==== Dataset records ====
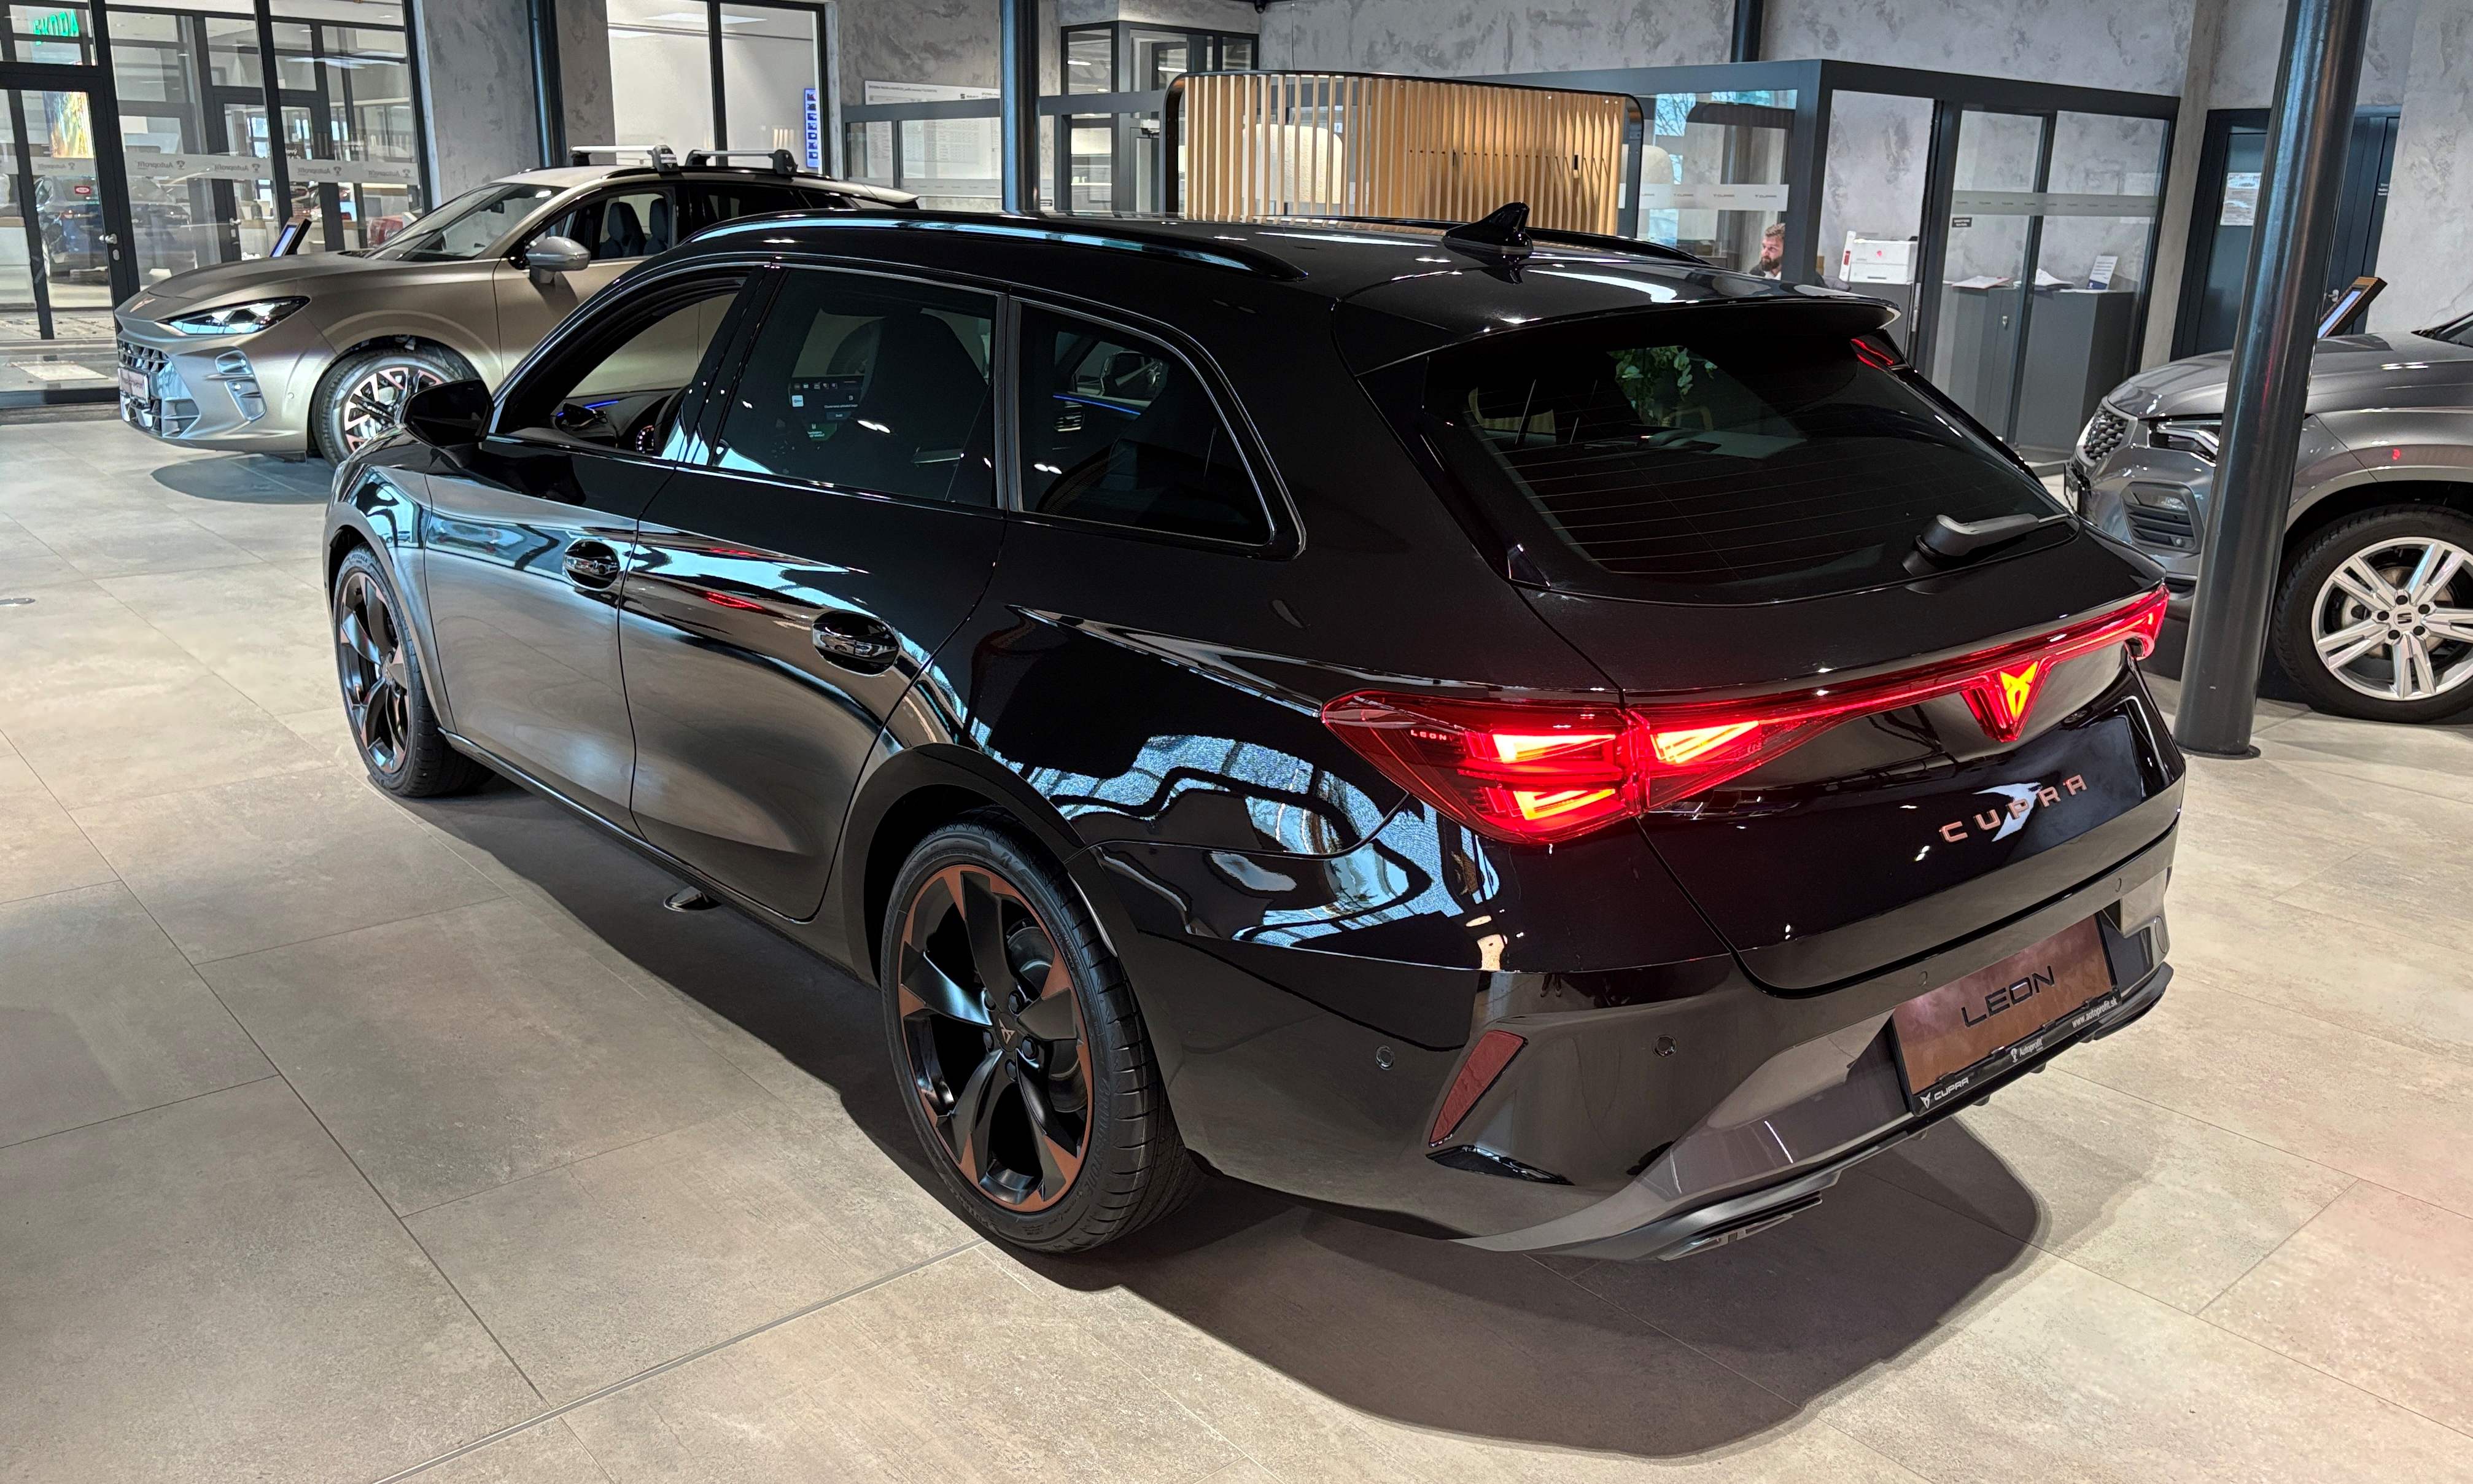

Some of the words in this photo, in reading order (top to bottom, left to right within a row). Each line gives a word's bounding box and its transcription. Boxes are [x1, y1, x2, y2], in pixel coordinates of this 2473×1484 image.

[1410, 729, 1446, 740] LEON
[1940, 774, 2087, 843] CUPRA
[1962, 965, 2055, 1028] LEON
[2071, 996, 2119, 1028] www.autoprofit.sk
[2019, 1038, 2043, 1057] Autoprofit
[1934, 1077, 1969, 1101] CUPRA
====
Task objective:
Restate the data above exactly, stripping out each image.

Answer to this exercise:
Some of the words in this photo, in reading order (top to bottom, left to right within a row). Each line gives a word's bounding box and its transcription. Boxes are [x1, y1, x2, y2], in pixel coordinates of this 2473×1484 image.

[1410, 729, 1446, 740] LEON
[1940, 774, 2087, 843] CUPRA
[1962, 965, 2055, 1028] LEON
[2071, 996, 2119, 1028] www.autoprofit.sk
[2019, 1038, 2043, 1057] Autoprofit
[1934, 1077, 1969, 1101] CUPRA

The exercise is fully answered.